**How to complete this task:** The answer must reproduce all of the data below exactly and contain no images.

**Saved data entries:**
◇ ◇ ◇ ◇

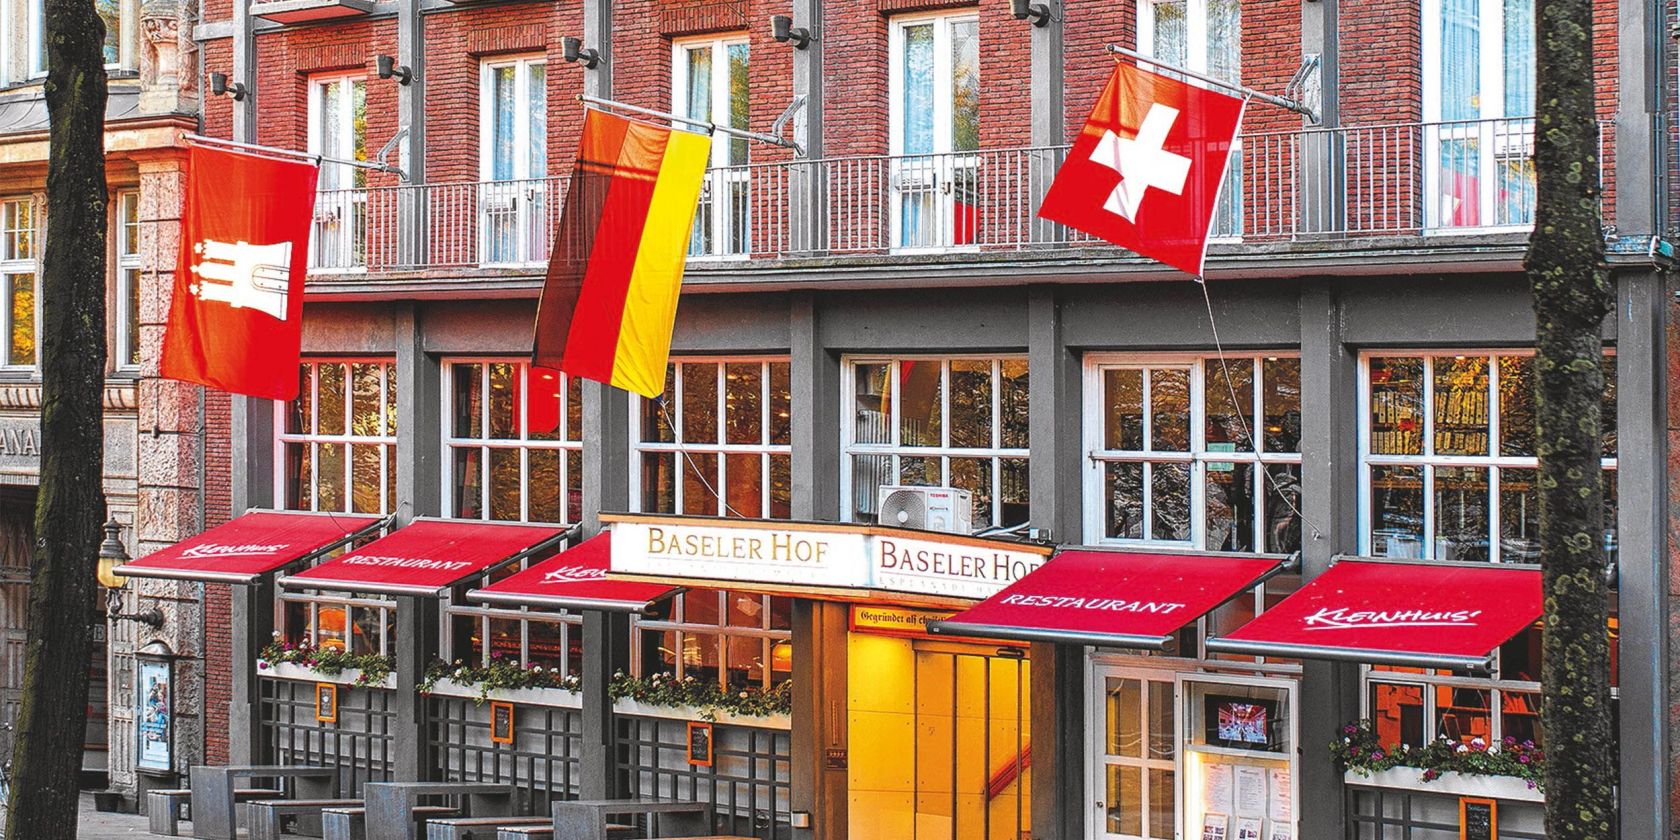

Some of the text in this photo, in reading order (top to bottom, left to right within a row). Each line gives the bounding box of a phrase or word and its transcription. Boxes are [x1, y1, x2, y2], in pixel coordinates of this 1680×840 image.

[648, 527, 829, 563] BASELER HOF
[342, 555, 473, 570] RESTAURANT
[880, 540, 986, 579] BASELER
[1001, 594, 1186, 614] RESTAURANT
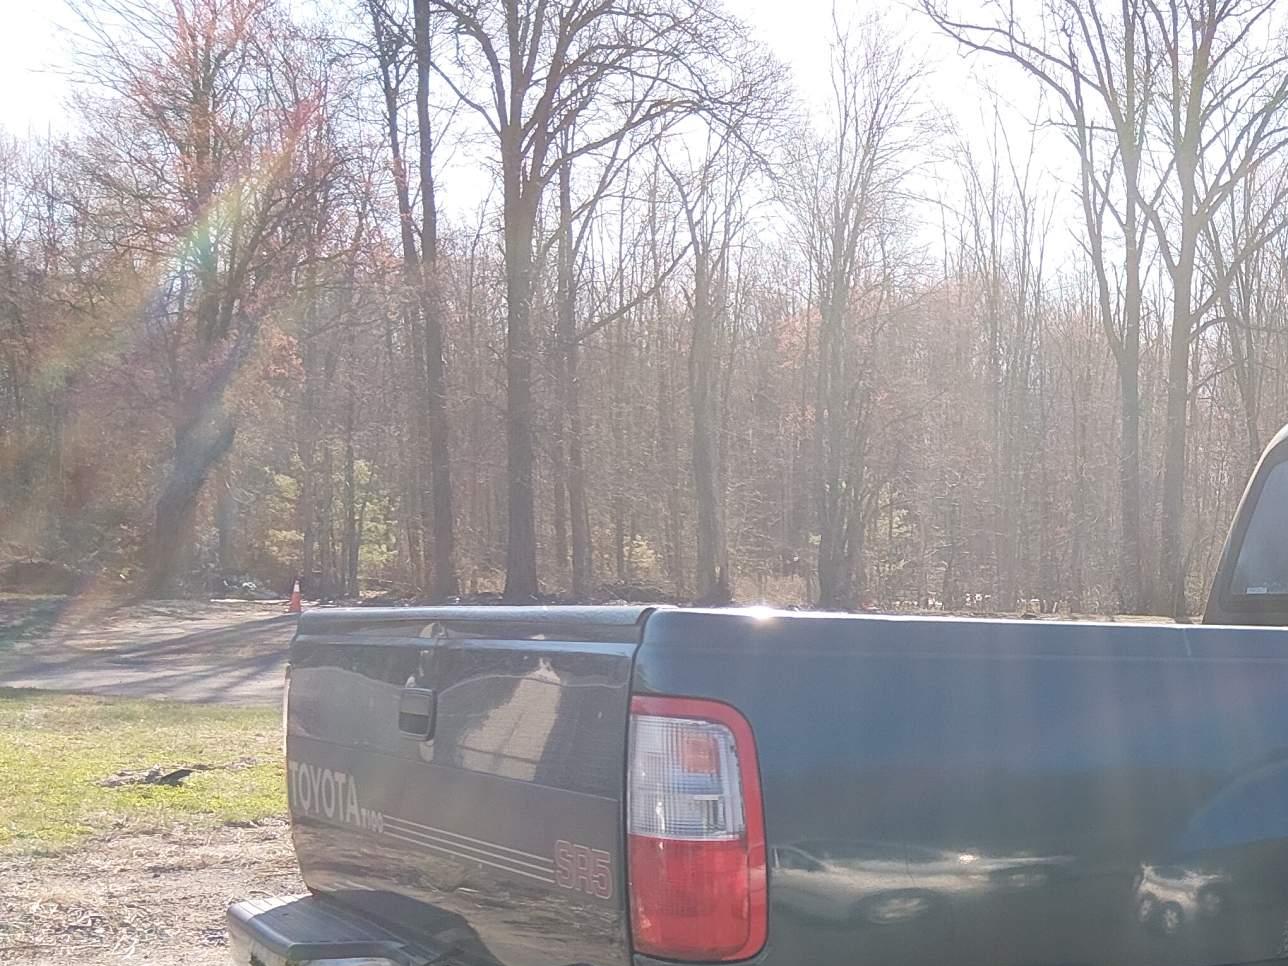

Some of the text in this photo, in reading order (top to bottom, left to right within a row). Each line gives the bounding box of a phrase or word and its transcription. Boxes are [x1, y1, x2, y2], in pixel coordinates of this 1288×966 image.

[288, 760, 384, 833] TOYOTA T100
[553, 838, 615, 901] SR5
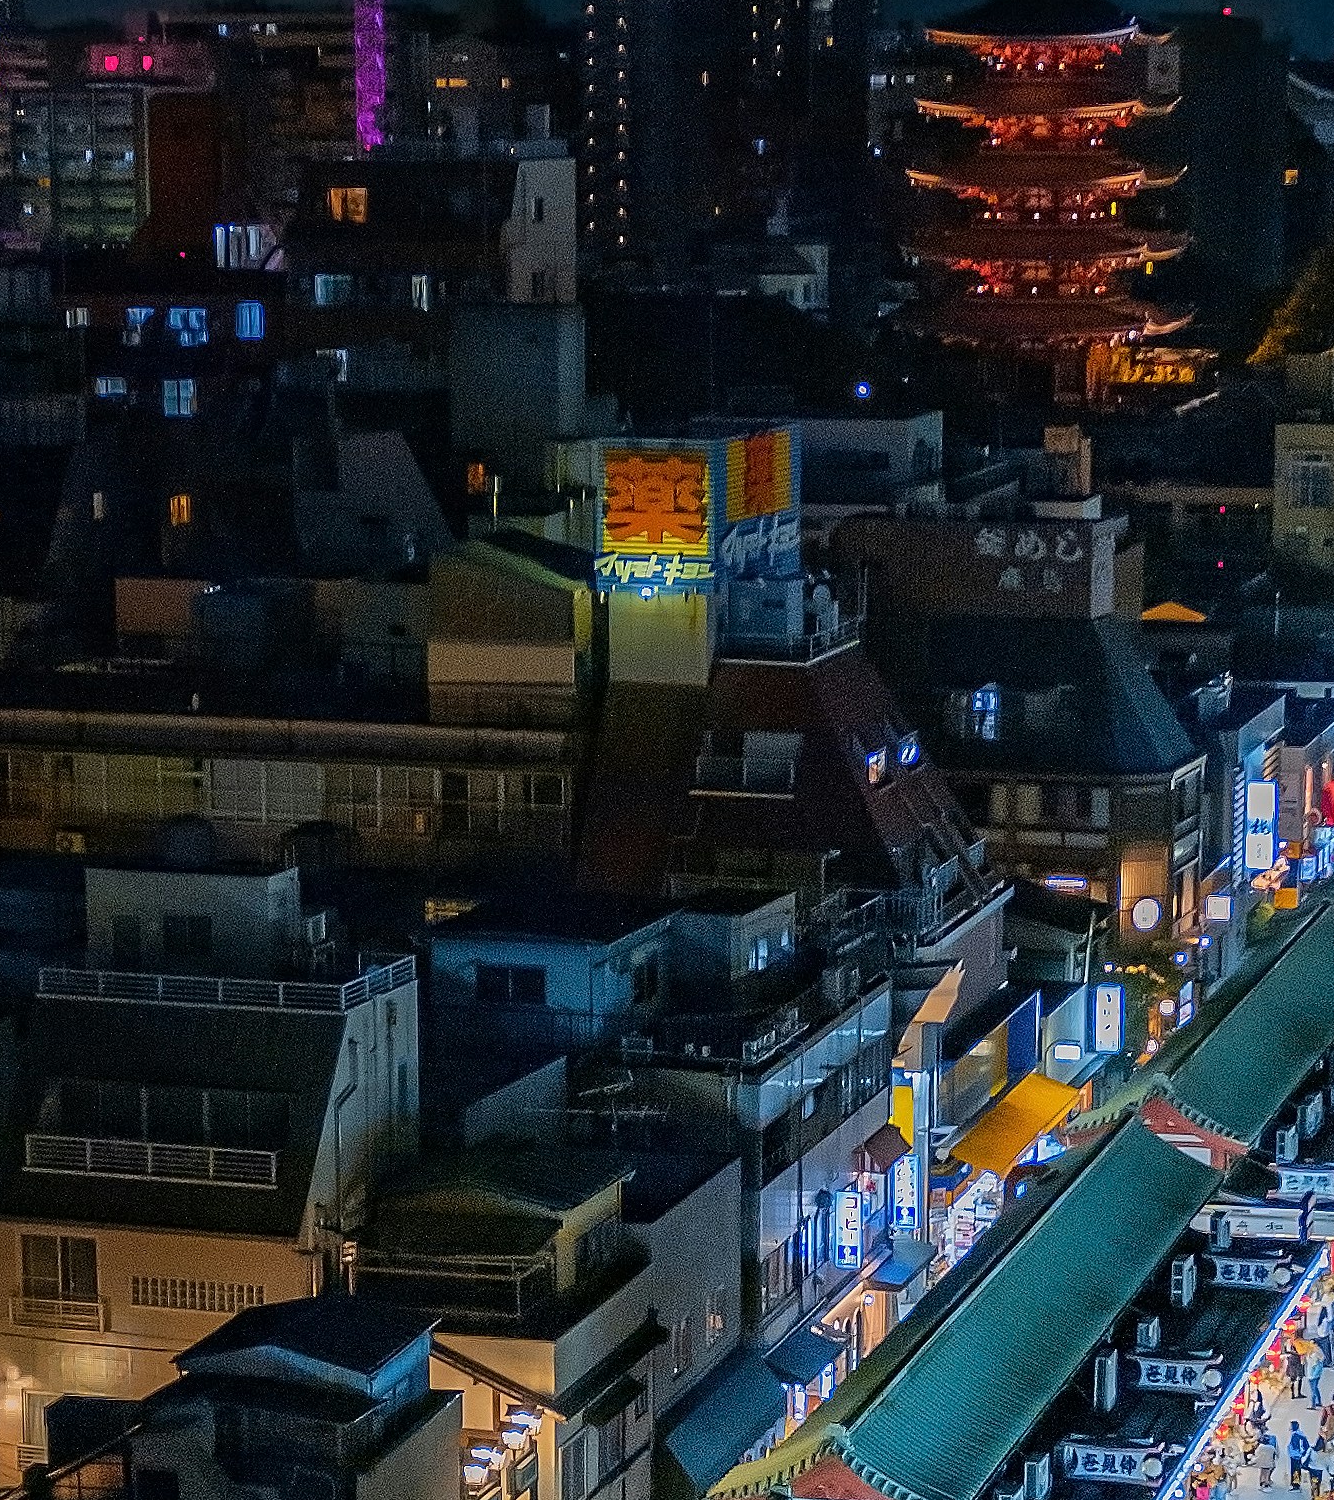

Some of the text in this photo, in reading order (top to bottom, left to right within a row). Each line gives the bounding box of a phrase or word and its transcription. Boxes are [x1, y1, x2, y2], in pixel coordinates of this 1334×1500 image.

[605, 456, 706, 543] 薬
[845, 1196, 858, 1240] コーヒー

◇ ◇ ◇ ◇

**Result:**
Some of the text in this photo, in reading order (top to bottom, left to right within a row). Each line gives the bounding box of a phrase or word and its transcription. Boxes are [x1, y1, x2, y2], in pixel coordinates of this 1680×840 image.

[648, 527, 829, 563] BASELER HOF
[342, 555, 473, 570] RESTAURANT
[880, 540, 986, 579] BASELER
[1001, 594, 1186, 614] RESTAURANT

Some of the text in this photo, in reading order (top to bottom, left to right within a row). Each line gives the bounding box of a phrase or word and its transcription. Boxes are [x1, y1, x2, y2], in pixel coordinates of this 1288×966 image.

[288, 760, 384, 833] TOYOTA T100
[553, 838, 615, 901] SR5

Some of the text in this photo, in reading order (top to bottom, left to right within a row). Each line gives the bounding box of a phrase or word and its transcription. Boxes are [x1, y1, x2, y2], in pixel coordinates of this 1334×1500 image.

[605, 456, 706, 543] 薬
[845, 1196, 858, 1240] コーヒー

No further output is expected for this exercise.